Artificial carbon recycling, using waste CO2 as a starting material, is a promising solution for energy and environmental sustainability. The investigators aim to develop catalysts which more efficiently incorporate CO2 into precursors for commercial products or into liquid fuels such as ethanol, thus re-using CO2 generated as waste from burning fossil fuels. The main challenge to efficiently catalyzing these reactions is balancing the binding of the reactants with the release of the products. The investigators predict that using a core of a weakly binding first metal, with dispersed atoms of a strongly binding second metal over its surface, will result in an optimum balance of binding properties and increase the efficiency of the catalyzed reaction. The investigators will vary amount of the strongly binding metal on the catalyst's surface, then characterize its structure and test its effectiveness. The catalyst compositions and design rules resulting from this investigation are expected to encourage incorporating waste CO2 into fuels and commercial products. The investigators' educational goals are to provide hands-on laboratory training to graduate and undergraduate students and to promote learning for K-12 students with a strong focus on underrepresented groups by partnering with the Women in Science and Engineering and Family Academic Program organizations.

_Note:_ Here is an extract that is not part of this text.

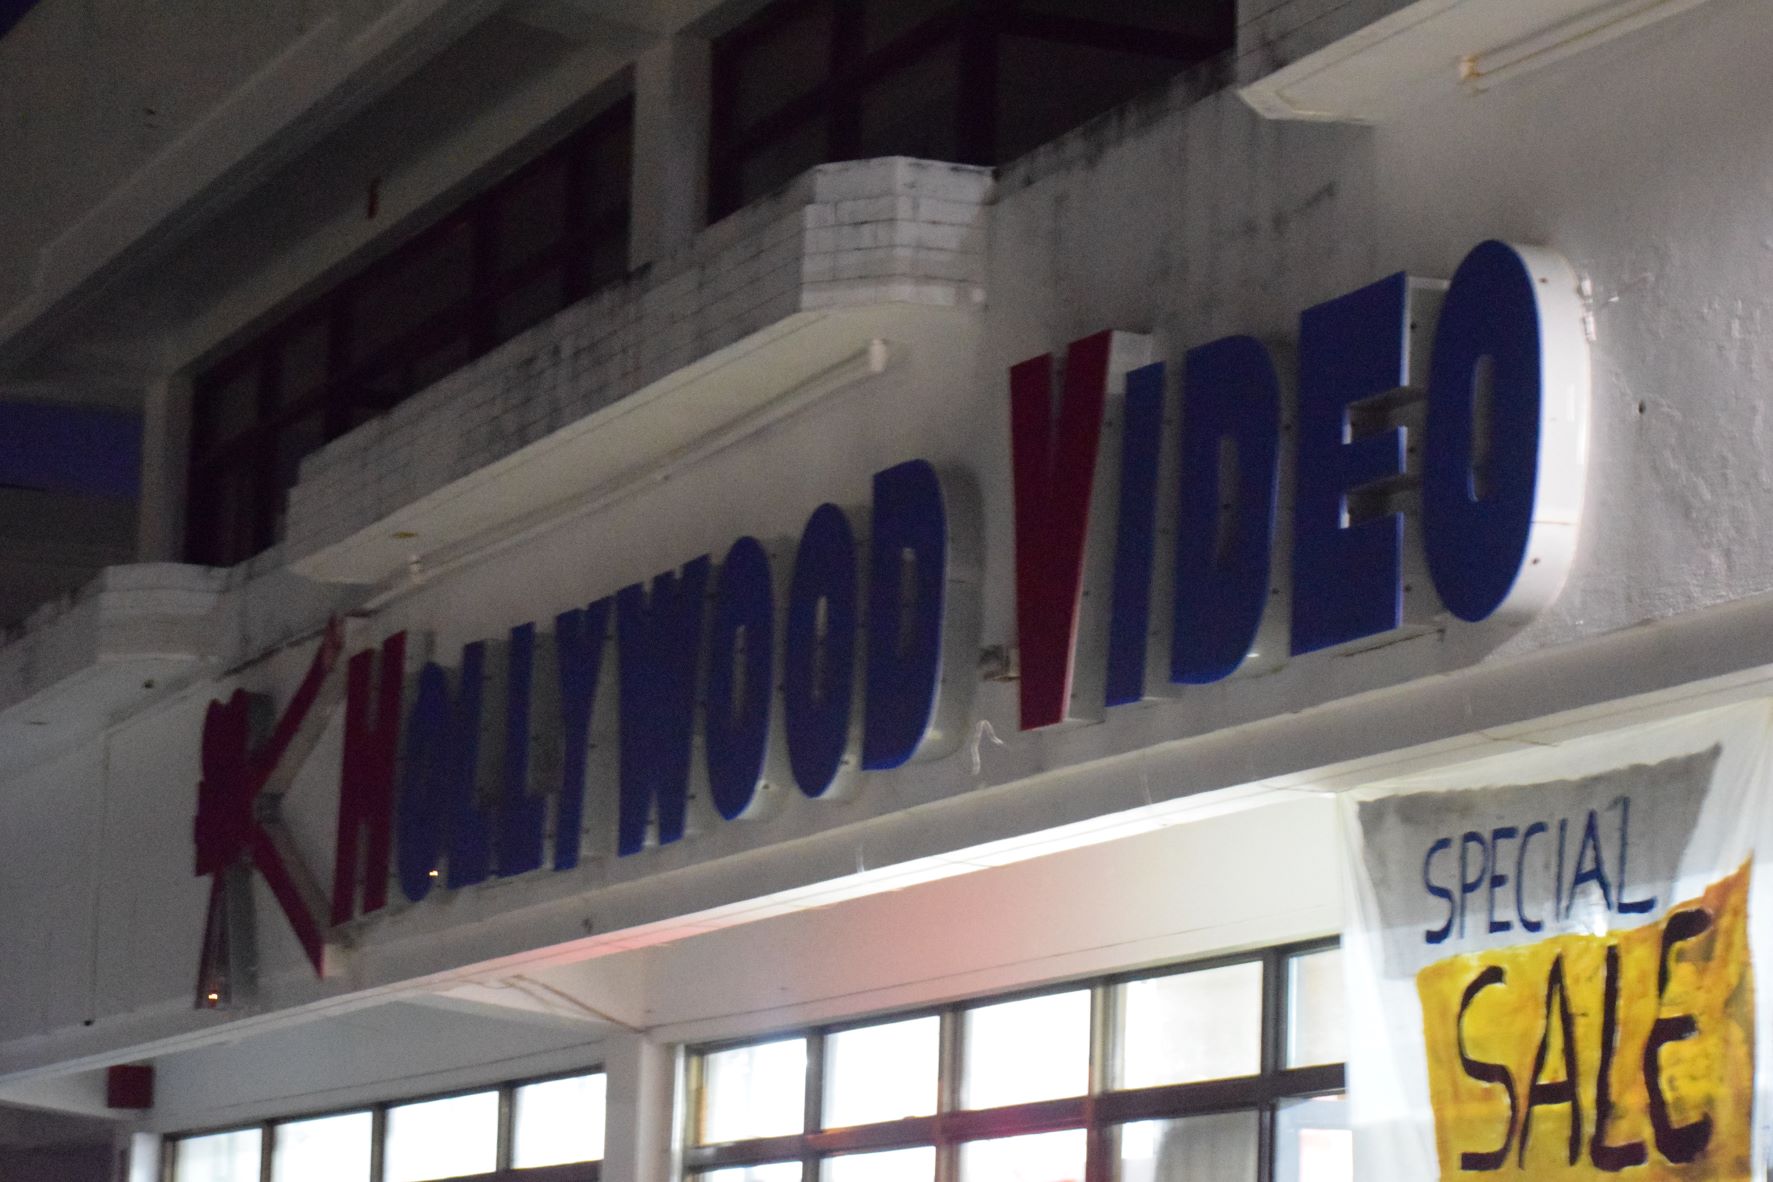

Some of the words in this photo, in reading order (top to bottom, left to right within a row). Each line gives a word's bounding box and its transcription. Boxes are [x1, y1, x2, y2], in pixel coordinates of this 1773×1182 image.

[1009, 238, 1544, 732] VIDEO
[1422, 795, 1659, 945] SPECIAL
[1456, 907, 1715, 1173] SALE

The investigators aim to develop fundamental understanding of the CO2 reduction electrocatalysis on practical high-surface-area catalysts by synthesizing mixed-metal nanoparticle catalysts containing a weakly binding M1 core (M1 = Au, Ag, Cu) with varying amounts of strongly binding M2 atoms (M2 = Ni, Pd, Pt) dispersed over the surface. They will test the hypothesis that catalysts with discrete, atomically dispersed ensembles of M2 on the surface of M1, will exhibit the advantages of both M1 and M2 and will show to enhanced energy efficiency and reaction rate for CO2 reduction as compared to monometallic catalysts. The activity of these catalysts will be evaluated using batch electrolysis and gas-diffusion electrode cells. The surface structure and absorption properties will be probed using state-of-the-art electron microscopy and X-ray spectroscopic characterizations, surface-specific electrochemical analysis and product-resolved electrocatalytic studies. These experimental efforts will be focused using results from density functional theory and cluster expansion calculations. The methods and concepts established during this study are expected to be generally applicable to other catalytic materials and reactions, shedding new light on the development of heterogeneous catalysts using the knowledge acquired in the investigation of these bimetallic M2@M1 nanoparticles.
This award reflects NSF's statutory mission and has been deemed worthy of support through evaluation using the Foundation's intellectual merit and broader impacts review criteria.